InterVarsity, and especially InterVarsity’s BayUP, is notorious for simulations that help get students thinking about issues by putting themselves in somewhat the same shoes the targeted groups are in. So, we did a simulation where we all received unknown identities (citizen, immigrant w/papers, or immigrant w/o papers), that no one else could see but us. We also had proxe “ICE (Immigration and Customs Enforcement)” police who pulled individuals aside at-random for questioning and if you had no papers, were put into a detention center. To a lot of people it was a simple game, but as I remembered the stories of my family and their run-ins with immigration, and even my experiences of being racially profiled, the whole simulation began to feel intense real fast. An immigration checkpoint was added, and the ICE officers were asked to find someone that looks like they were “illegal”. I started to get frantic because I’m the only Latino male of the BayUp group. I tried to stay on the perimeter of the boundaries and out of sight of the ICE officers so that I couldn’t get caught. Though I eventually did get checked by the police, in the game I was a citizen, and I was let free.
So there was a lot that went through my mind doing that simulation. Even though I was a citizen in the simulation, and a citizen in real-life, I was surprised by how anxious were my thoughts that ran through my mind. I’ve learned along the way that the color of your skin can really get you targeted. I do have papers to prove my citizenship, but I still feel like that doesn’t stop people from assuming that I’m not. I’ve been asked if I can speak English, followed around stores, and even demanded to get someone food because they thought I was just another restaurant worker. I don’t have to live in the same fear of being deported as undocumented individuals, but this whole simulation makes me wonder what my undocumented family has had to go through, knowing they are being watched and at any time can be asked for their proof of citizenship if they are in the wrong place at the wrong time. What surprised me later that day, too, was also learning that ICE puts immigration checkpoints primarily in low-income Latino groups. Yet Canadians are just as likely to cross the border illegally, too. That’s not racist at all! By the end of the simulation I realized that even as a Hispanic citizen with some privilege, the reality is that I am still subjected to racial profiling by my American people, and that is a travesty that I will have to face for the rest of my life.

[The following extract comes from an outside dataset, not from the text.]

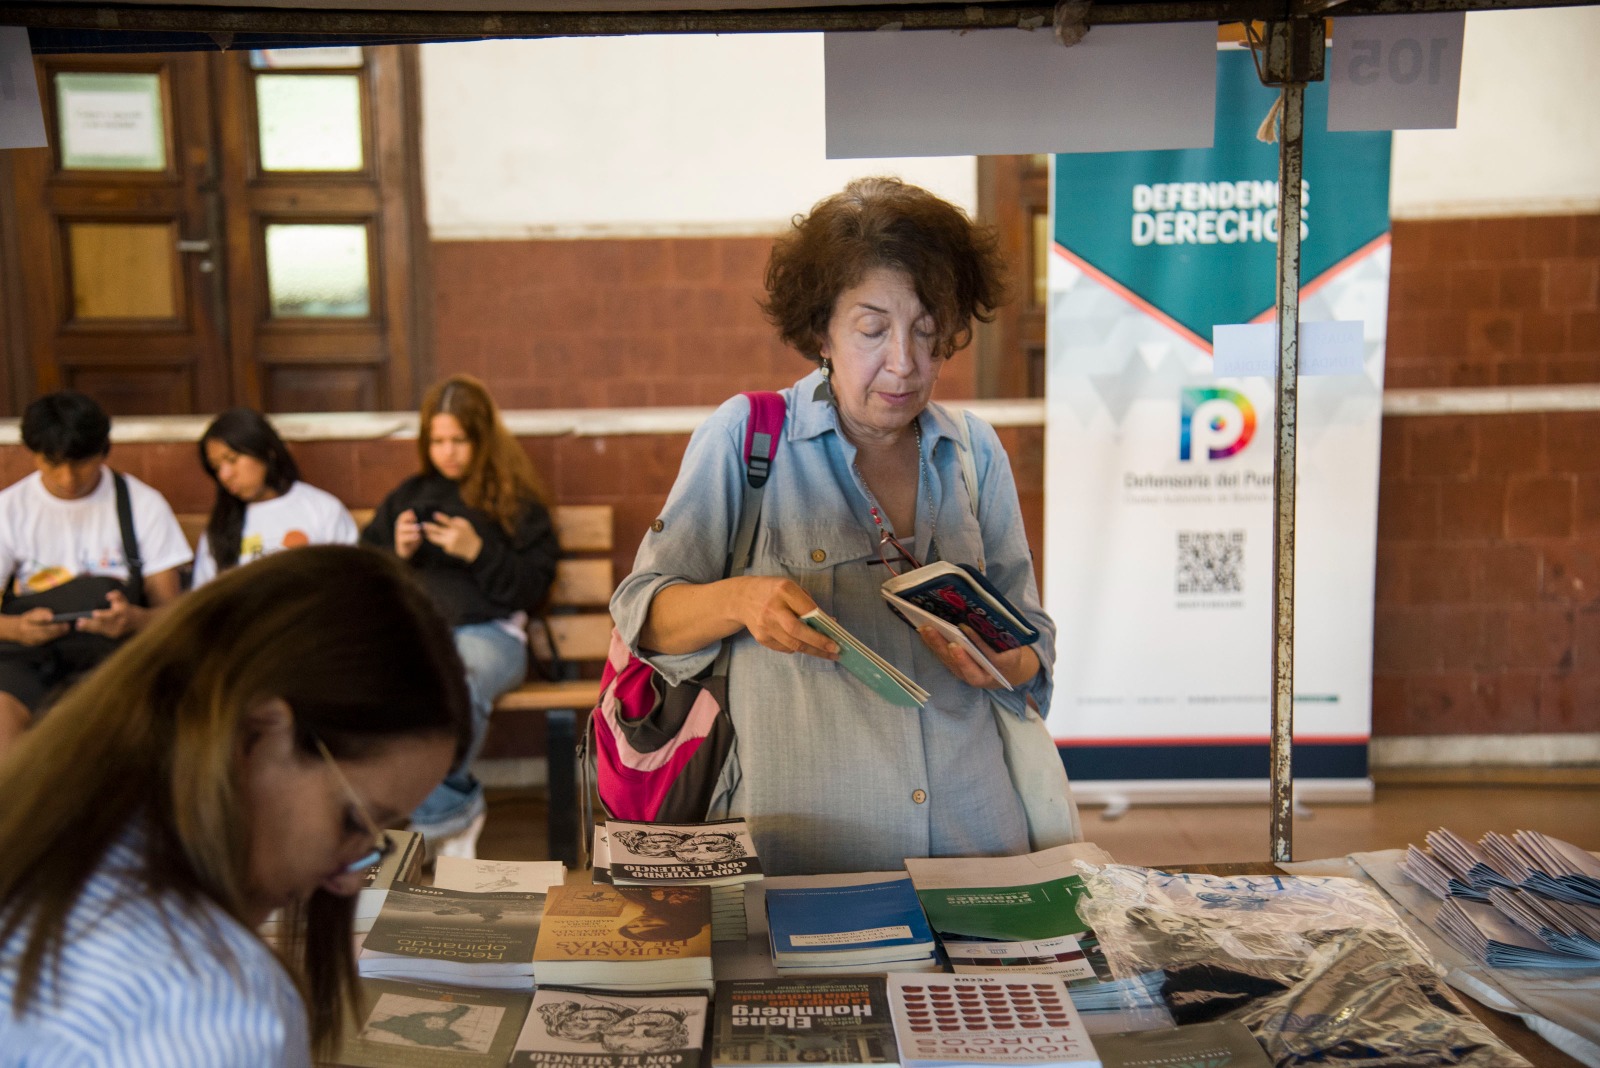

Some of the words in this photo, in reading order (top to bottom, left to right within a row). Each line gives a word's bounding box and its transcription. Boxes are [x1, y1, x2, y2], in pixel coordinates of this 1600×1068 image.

Even in the midst of all this, I was inspired to hear what the Bible had to say about immigration. As a small group we went over the story of Esther, the orphan girl turned into a queen. The truth was, she was an undocumented citizen herself trying to conceal her identity in a new land! Even though she had a choice to not associate herself with the plight of her people, she chose to reveal her Jewish identity, even if it meant being killed herself. It makes me think about the courage undocumented individuals need to have just to be in this country, and to stand up for their rights if their people are to be treated fairly in terms of legislature. They can either hide or reveal their identity, even if it means the risk of deportation.